De là encore merci à toutes les personnes présentes et spécialement à Étienne : « Vous avez été dociles à l’Esprit Saint, merci pour l’entêtement d’amener le Pape à Assise ». Enfin la promesse : « Je vous porte dans mon cœur. N’oubliez pas de prier pour moi, car moi aussi j’ai mes misères, et beaucoup ».
Cadeaux et pause café
Des applaudissements prolongés concluent la cérémonie. Le Pape salue certaines personnes et distribue des cadeaux. Cinq cents sacs à dos du projet + trois avec pulls, écharpes, chapeaux, vestes d’hiver et masques sont remis aux personnes présentes, ainsi que des couvertures par les Franciscains de la Portioncule.

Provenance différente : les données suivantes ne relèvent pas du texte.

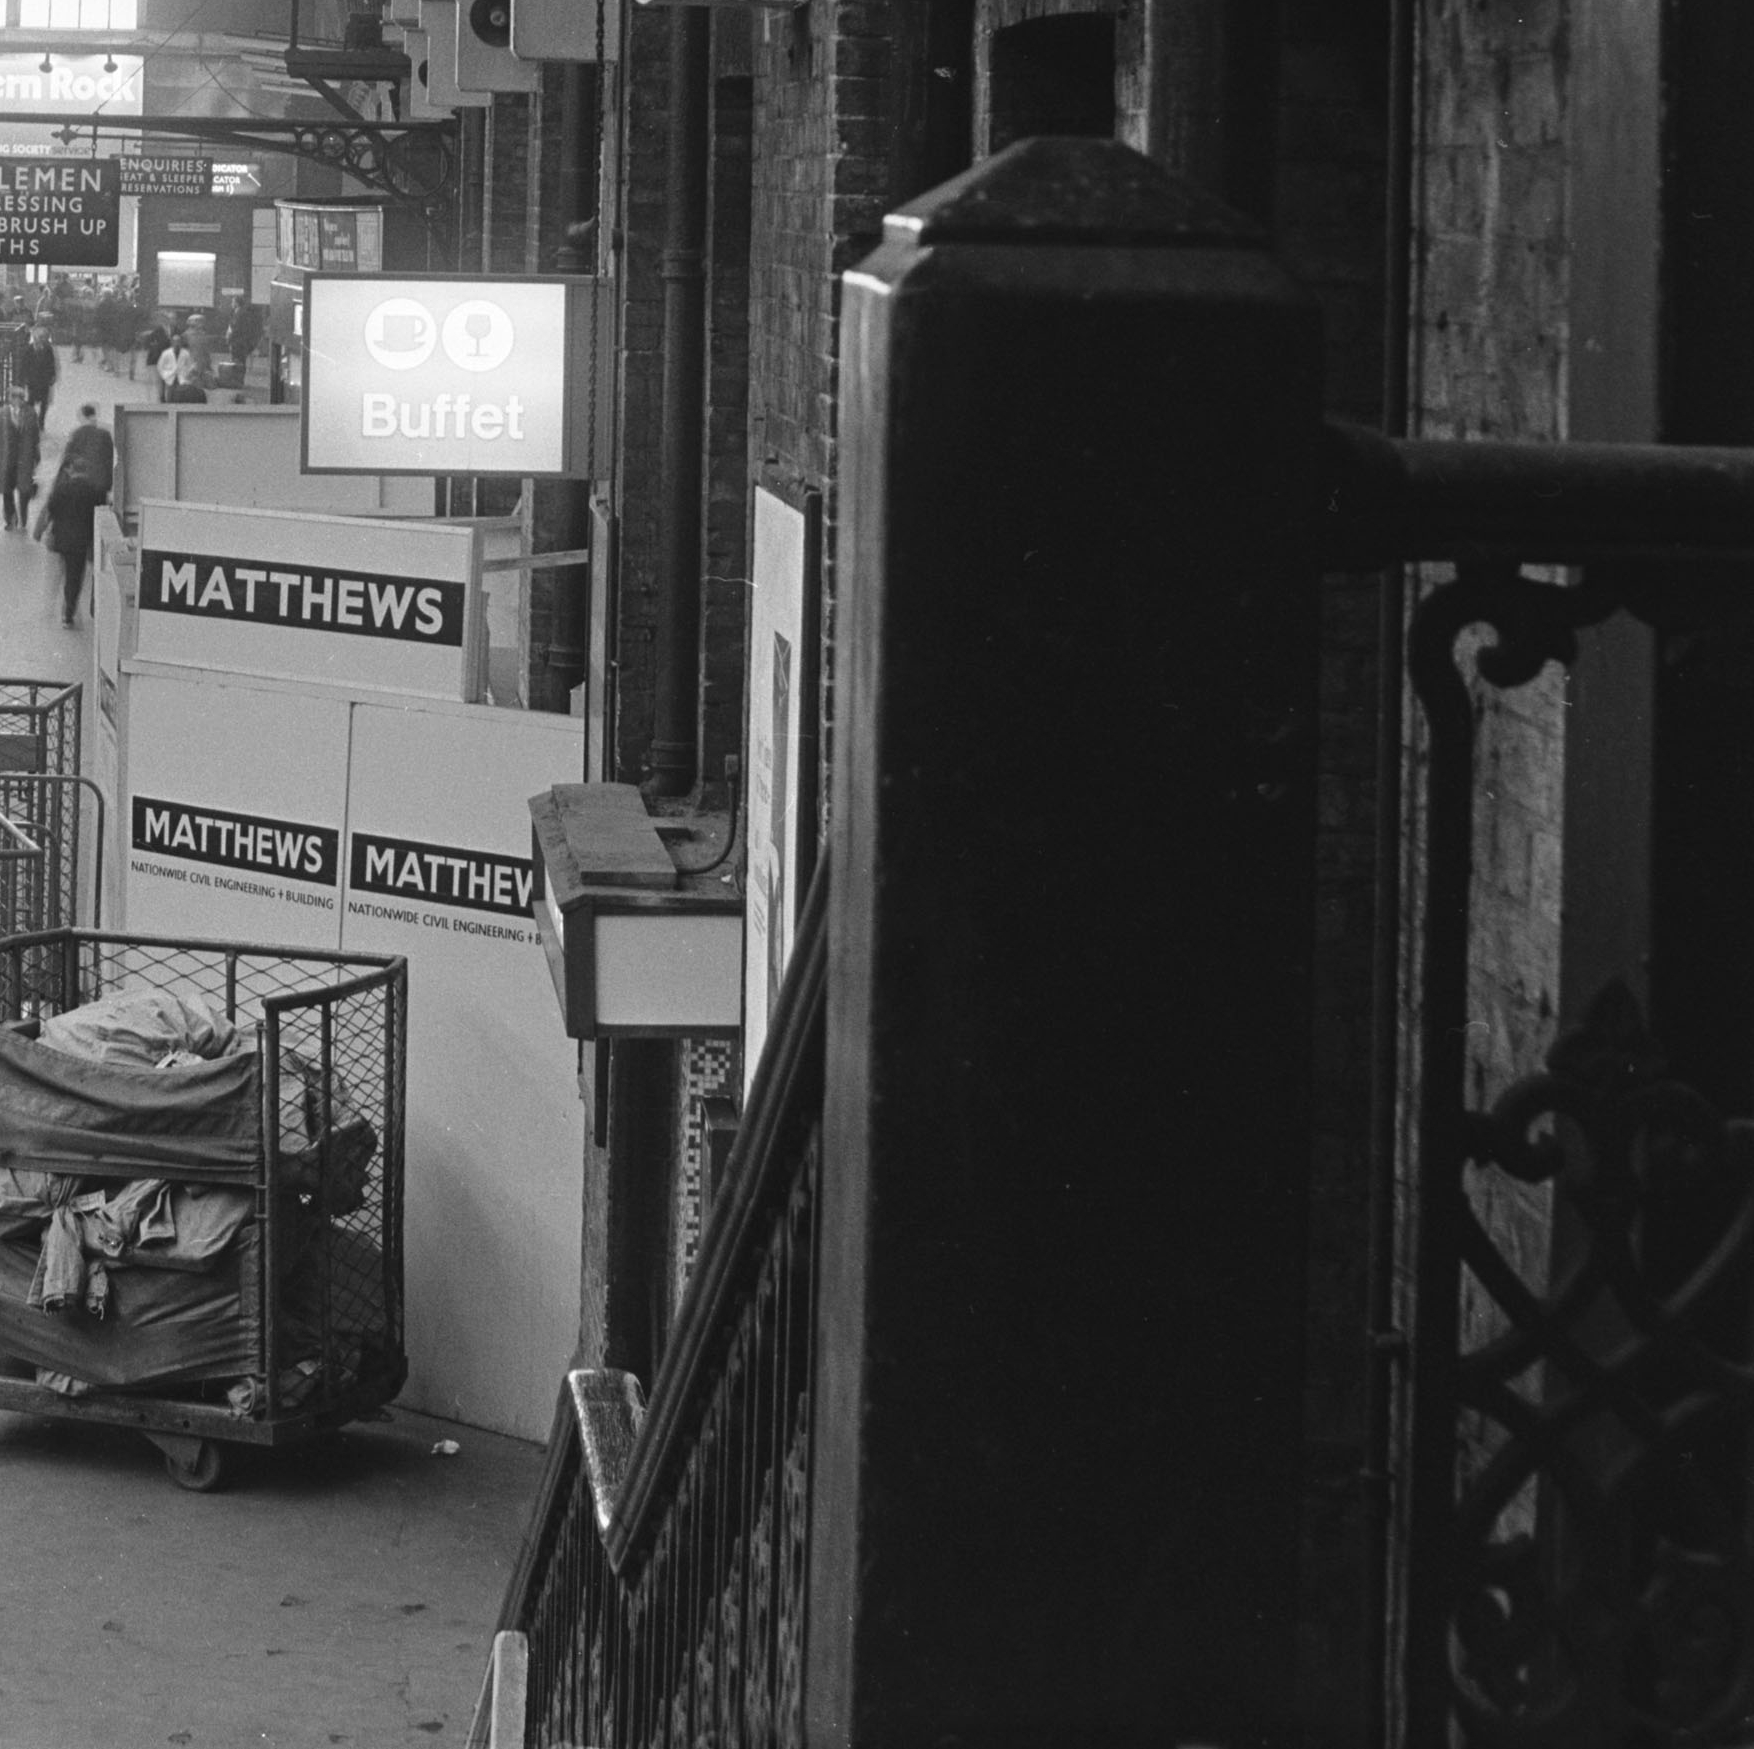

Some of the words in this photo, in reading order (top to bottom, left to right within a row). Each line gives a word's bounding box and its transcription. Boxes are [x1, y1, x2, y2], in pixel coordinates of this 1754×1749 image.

[50, 67, 136, 101] Rock
[12, 144, 51, 154] SOCIETY
[120, 158, 204, 172] ENQUIRIES
[120, 172, 142, 181] EAT
[162, 173, 204, 183] SLEEPER
[121, 183, 200, 194] RESERVATIONS
[80, 219, 106, 235] UP
[361, 393, 524, 440] Buffet
[161, 560, 443, 635] MATTHEWS
[145, 807, 322, 874] MATTHEWS
[131, 860, 188, 882] NATIONWIDE
[189, 872, 211, 886] CIVIL
[214, 877, 275, 898] ENGINEERING
[286, 890, 334, 910] BUILDING
[348, 901, 419, 925] NATIONWIDE
[423, 913, 449, 930] CIVIL
[453, 918, 525, 943] ENGINEERING
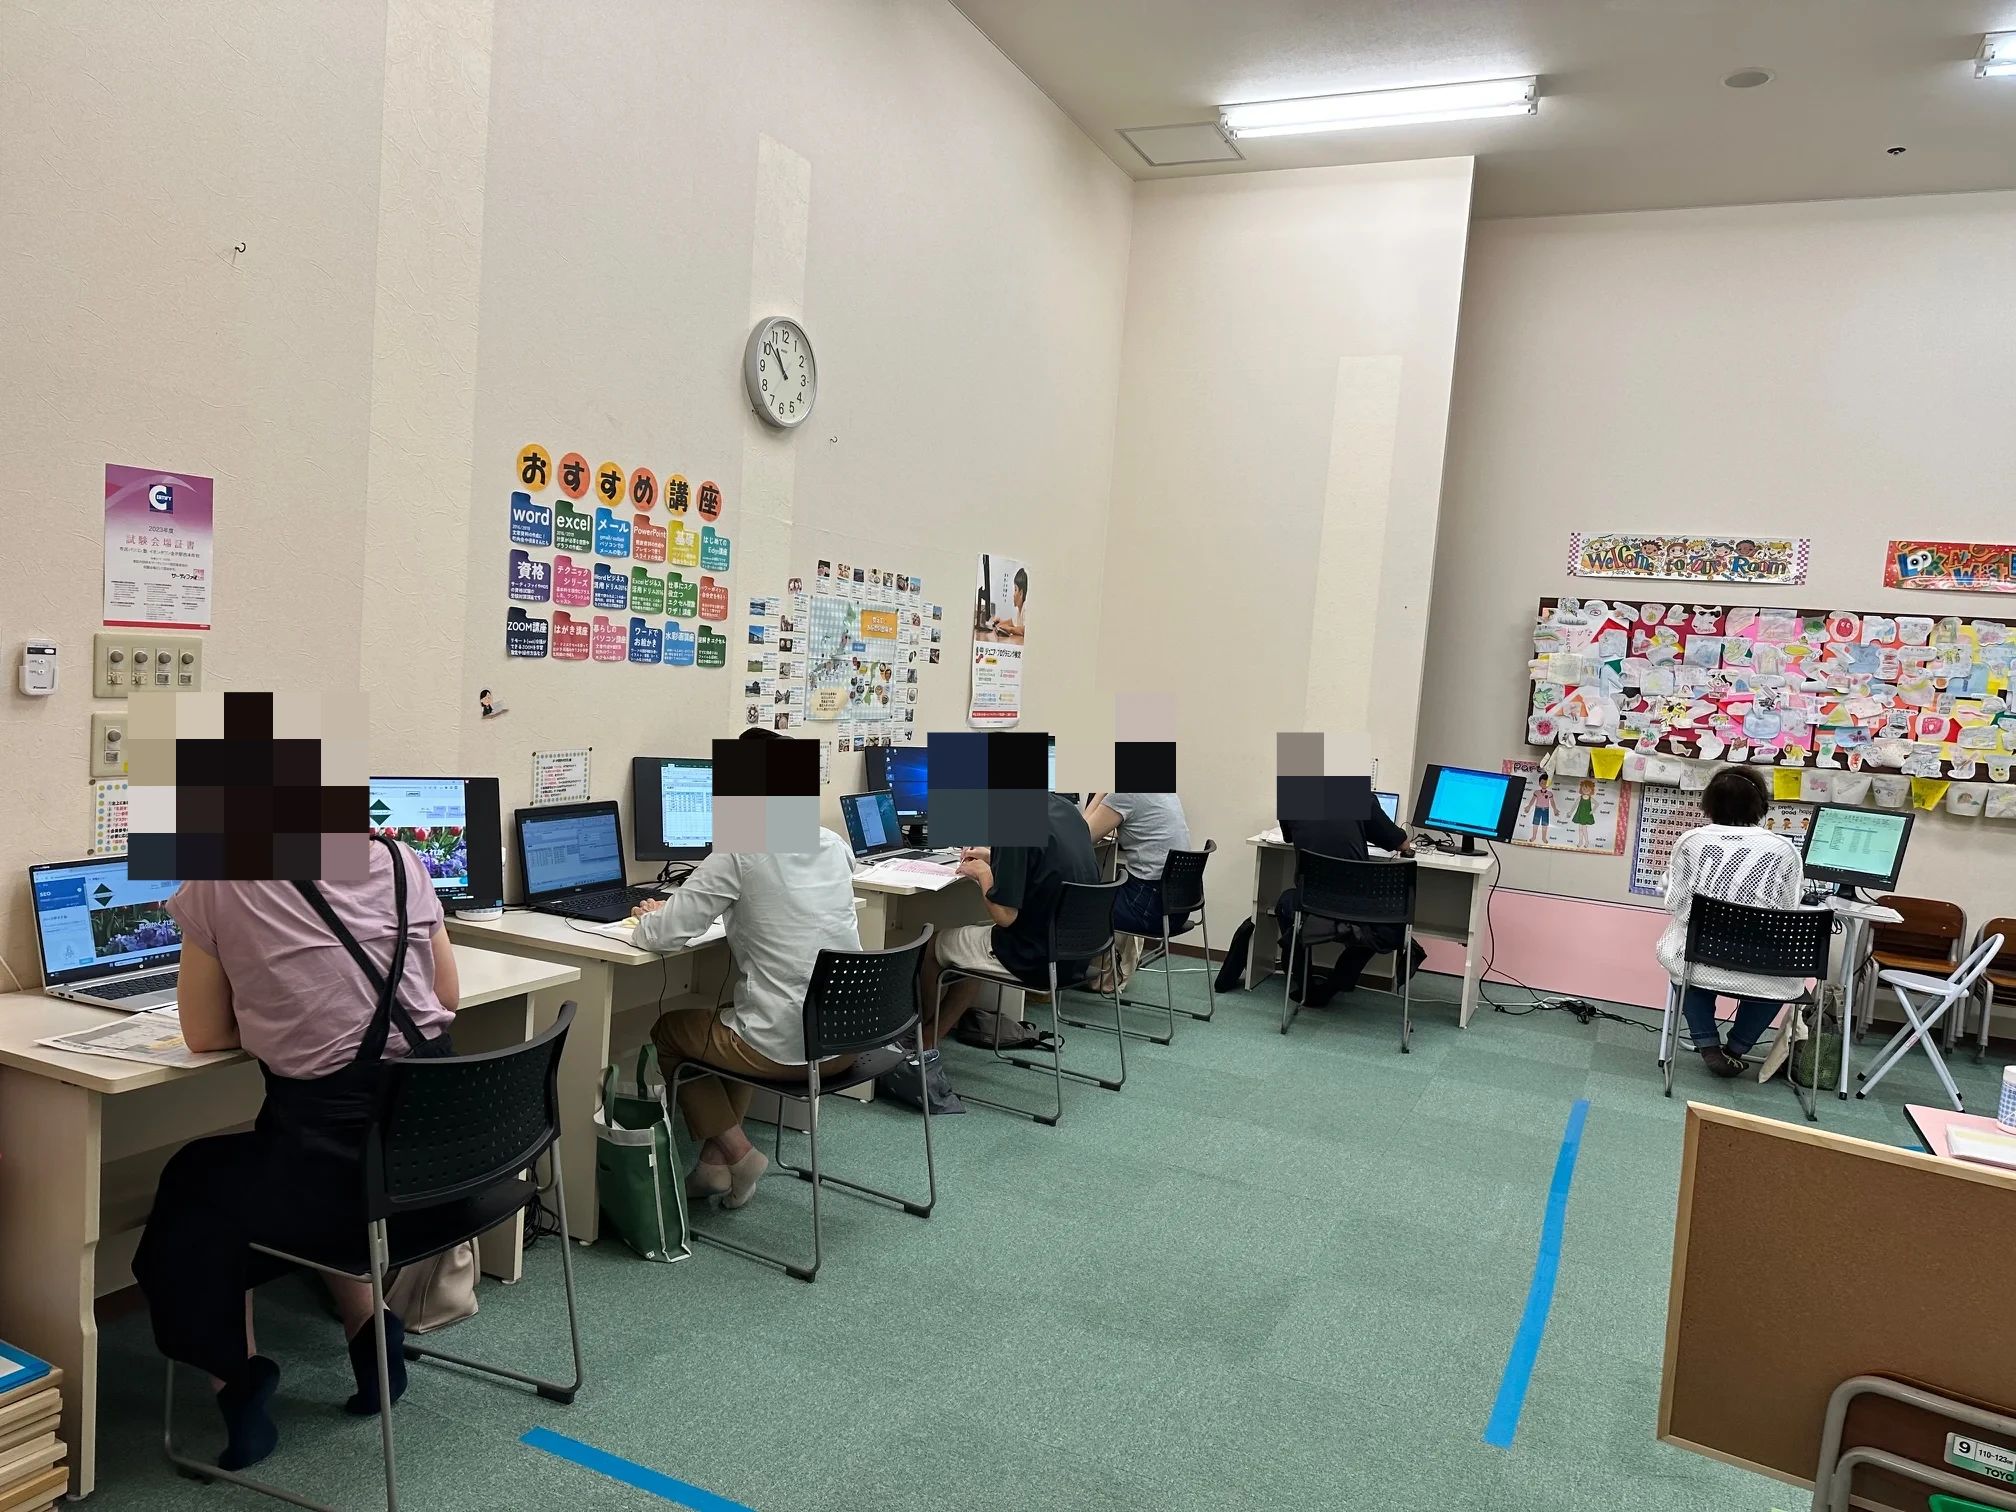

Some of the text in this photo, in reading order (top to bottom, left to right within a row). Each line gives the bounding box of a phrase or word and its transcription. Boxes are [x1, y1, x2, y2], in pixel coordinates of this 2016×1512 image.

[772, 330, 778, 345] 11
[782, 329, 789, 344] 12
[763, 341, 771, 356] 10
[794, 340, 797, 352] 1
[760, 359, 766, 372] 9
[799, 355, 804, 368] 2
[762, 379, 768, 392] 8
[800, 374, 806, 387] 3
[770, 394, 775, 406] 7
[796, 392, 802, 405] 4
[779, 402, 784, 415] 6
[789, 401, 795, 413] 5
[522, 452, 720, 517] おすすめ講座
[513, 508, 550, 526] word
[557, 515, 591, 532] excel
[149, 526, 174, 534] 2023年度
[598, 519, 629, 533] メール
[633, 526, 667, 538] PowerPoint
[126, 534, 195, 550] 試験会場証書
[703, 535, 727, 547] はじめての
[517, 561, 545, 580] 資格
[557, 565, 588, 577] テクニック
[1666, 558, 1685, 572] to
[1732, 556, 1787, 575] Room
[563, 577, 588, 587] シリーズ
[507, 621, 548, 634] ZOOM講座
[554, 624, 589, 636] はがき講座
[635, 627, 659, 637] ワードで
[634, 638, 657, 648] お絵かき
[1959, 1441, 1971, 1454] 9
[1984, 1467, 2015, 1482] TOYO
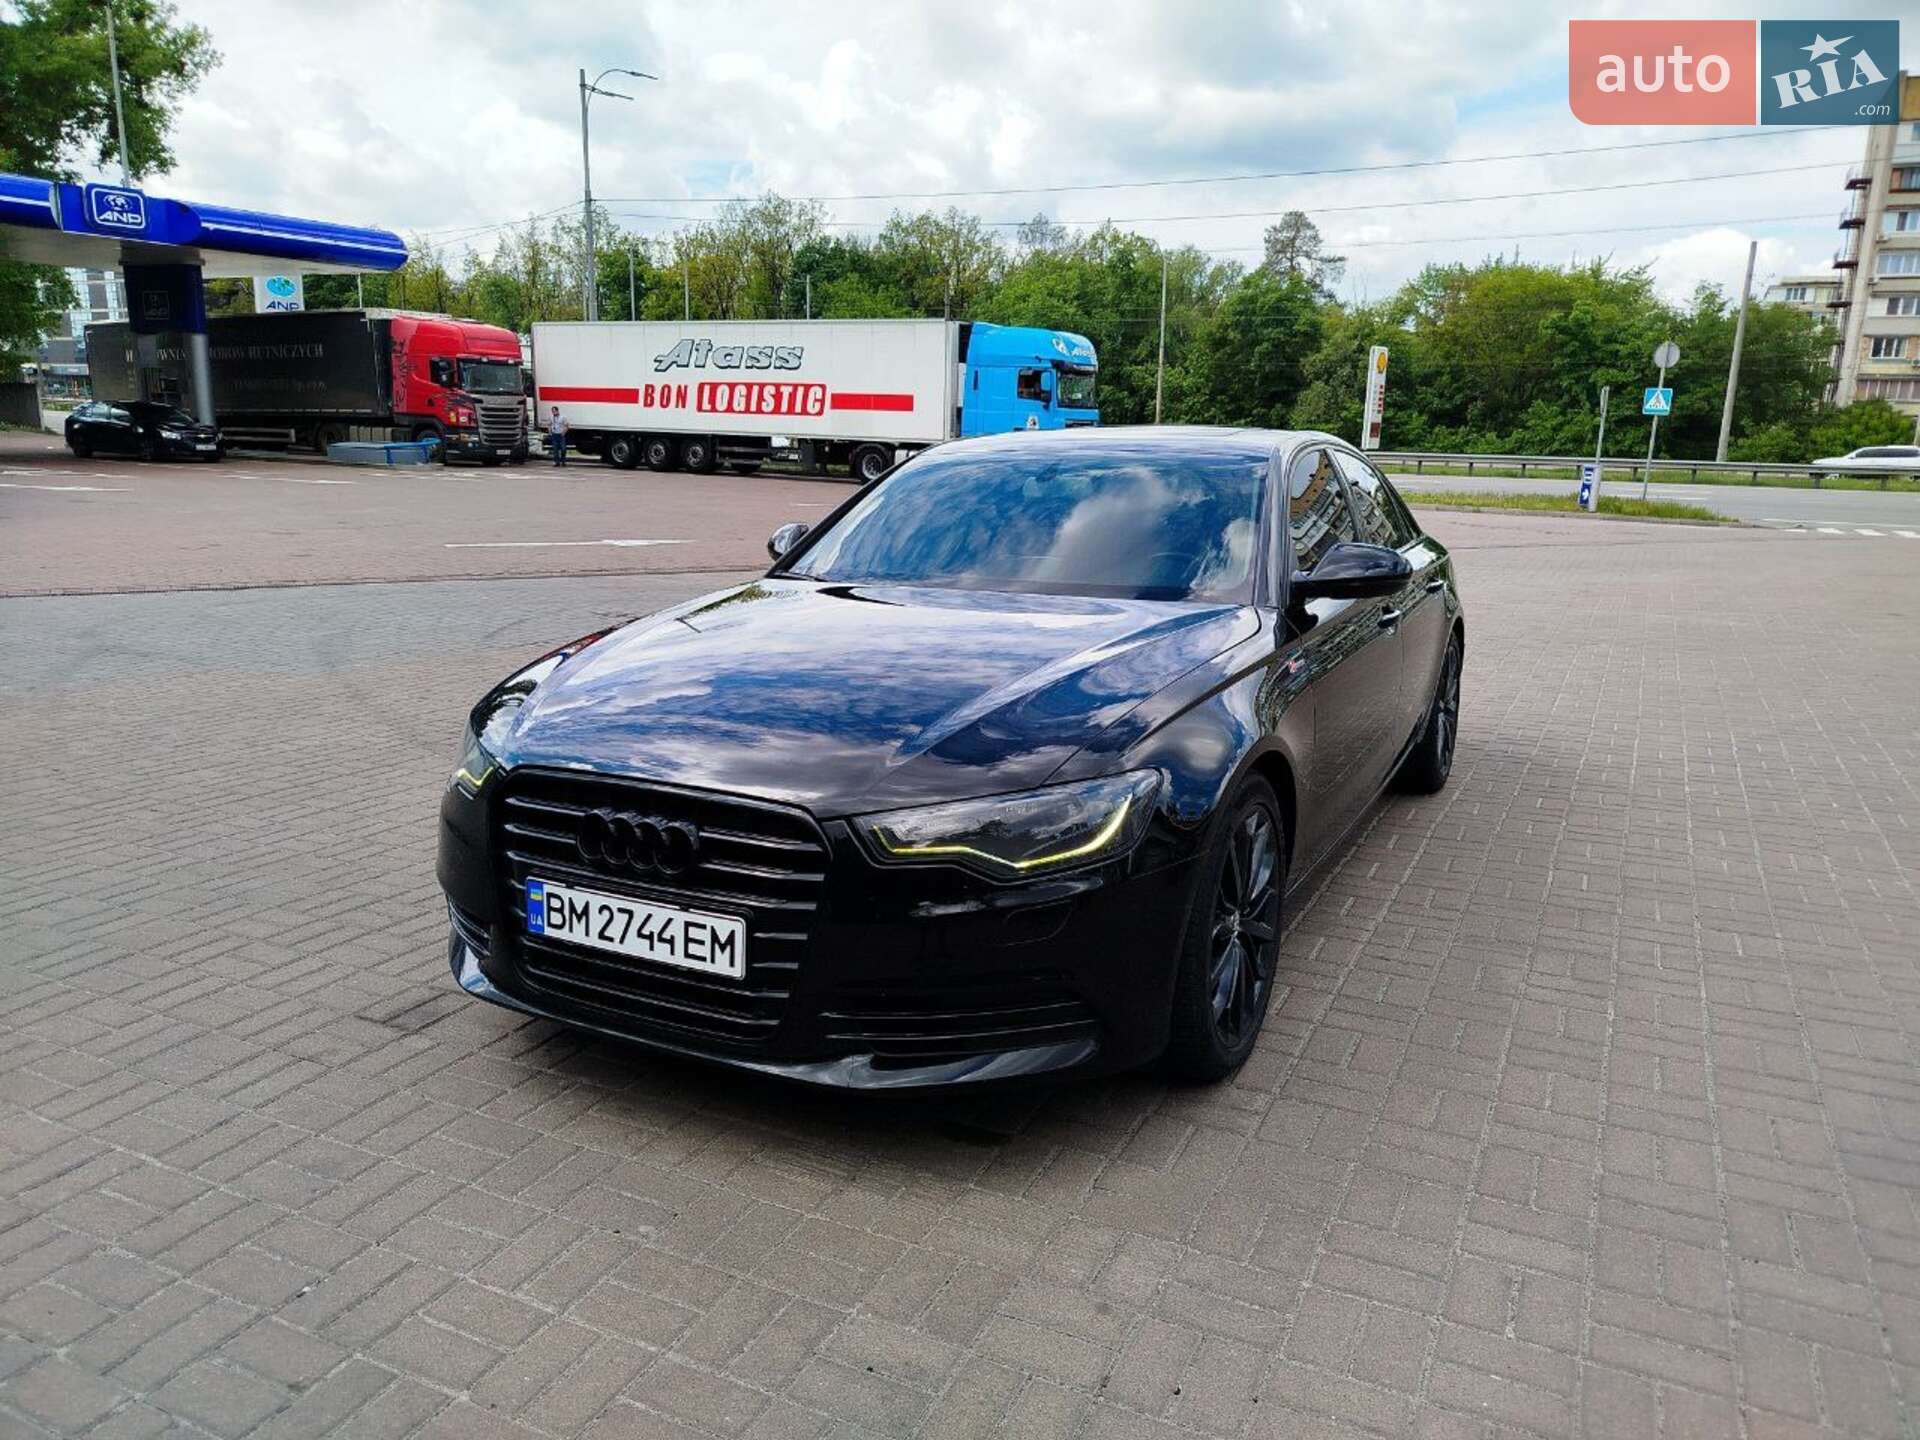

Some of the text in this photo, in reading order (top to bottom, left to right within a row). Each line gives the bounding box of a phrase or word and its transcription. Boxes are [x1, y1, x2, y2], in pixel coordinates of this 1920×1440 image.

[654, 338, 804, 373] Atass
[643, 383, 823, 415] BON LOGISTIC
[530, 914, 543, 926] UA

L’acte final est à nouveau dans le cimetière avec une pause-café sous le belvédère, avec des collations, des jus de fruits, des boissons chaudes. Tous les participants de la rencontre déjeunent avec l’archevêque d’Assise, Mgr Domenico Sorrentino, et le président des évêques de l’Ombrie, Renato Boccardo.
Déjeuner avec les Clarisses à Spello
Au lieu de cela, le Pape, avant de retourner au Vatican, a voulu rendre visite aux Clarisses de Spello et s’est arrêté pour déjeuner avec la communauté, quittant le monastère vers 14h30.